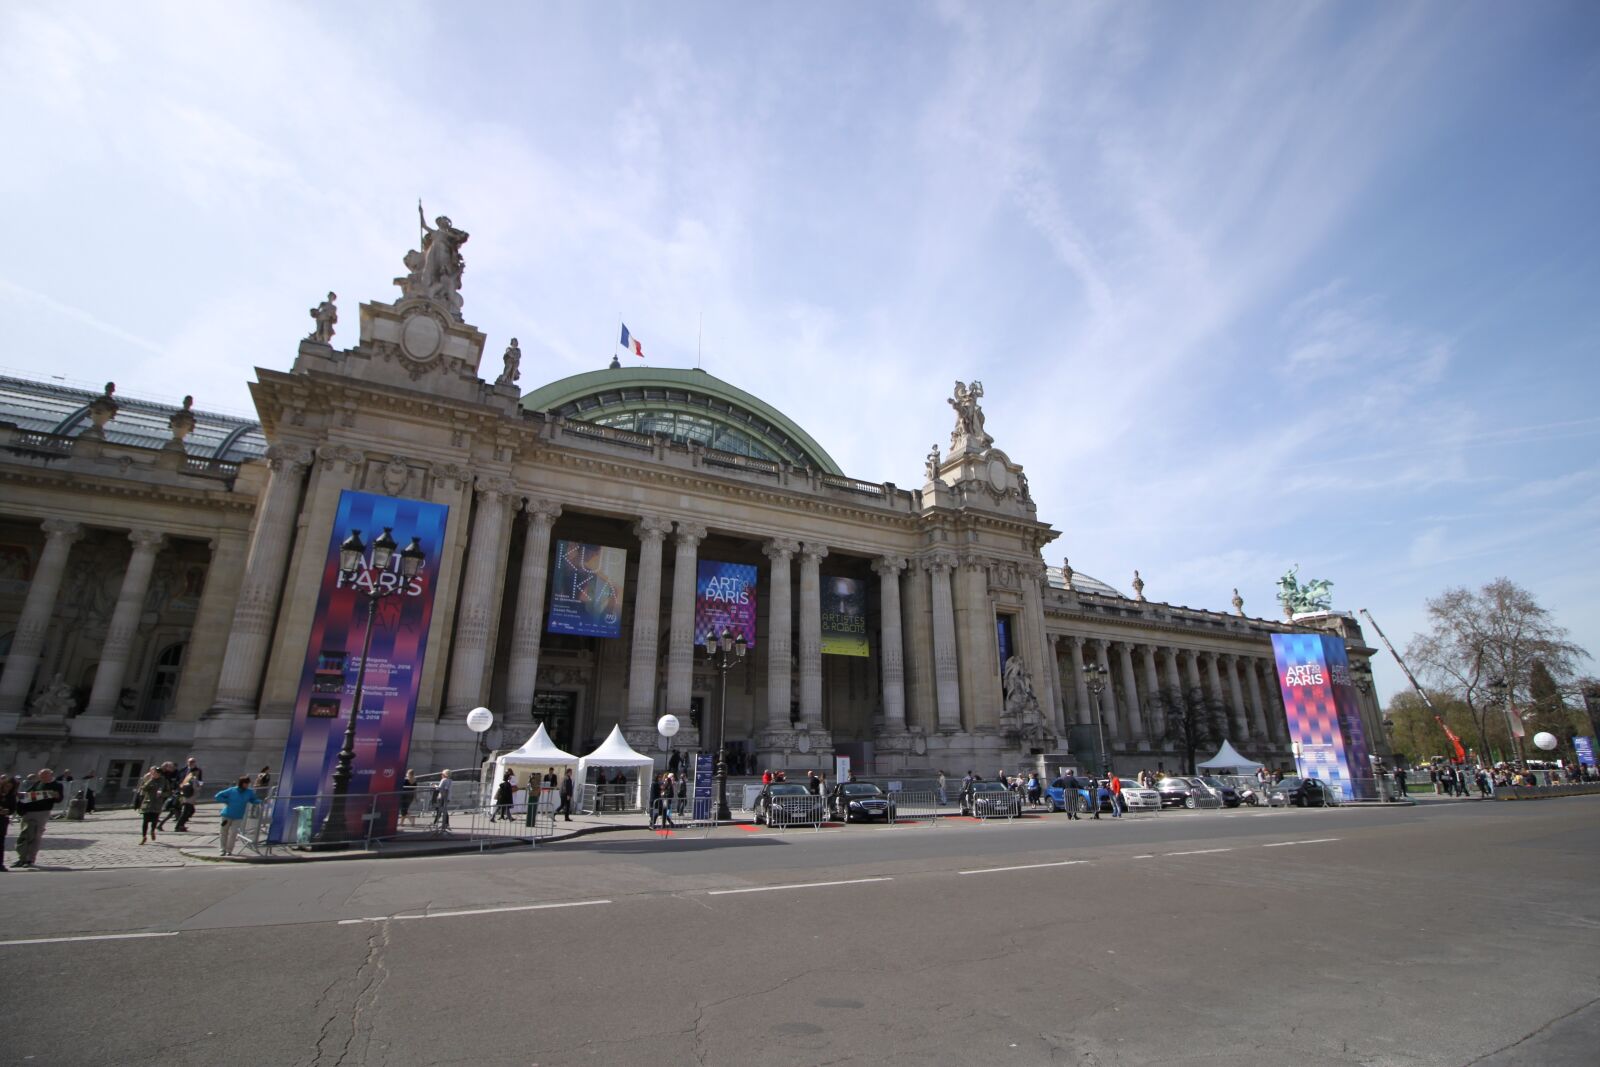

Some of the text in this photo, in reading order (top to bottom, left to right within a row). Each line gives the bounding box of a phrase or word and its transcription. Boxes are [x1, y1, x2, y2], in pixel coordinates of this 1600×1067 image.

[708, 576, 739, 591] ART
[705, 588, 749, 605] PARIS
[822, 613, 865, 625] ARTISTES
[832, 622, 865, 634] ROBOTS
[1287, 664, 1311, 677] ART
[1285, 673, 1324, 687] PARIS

───

**WORK TO BE COMPLETED**
Quote every entry exactly, with the pictures omitted.

**COMPLETED EXERCISE**
Some of the text in this photo, in reading order (top to bottom, left to right within a row). Each line gives the bounding box of a phrase or word and its transcription. Boxes are [x1, y1, x2, y2], in pixel coordinates of this 1600×1067 image.

[708, 576, 739, 591] ART
[705, 588, 749, 605] PARIS
[822, 613, 865, 625] ARTISTES
[832, 622, 865, 634] ROBOTS
[1287, 664, 1311, 677] ART
[1285, 673, 1324, 687] PARIS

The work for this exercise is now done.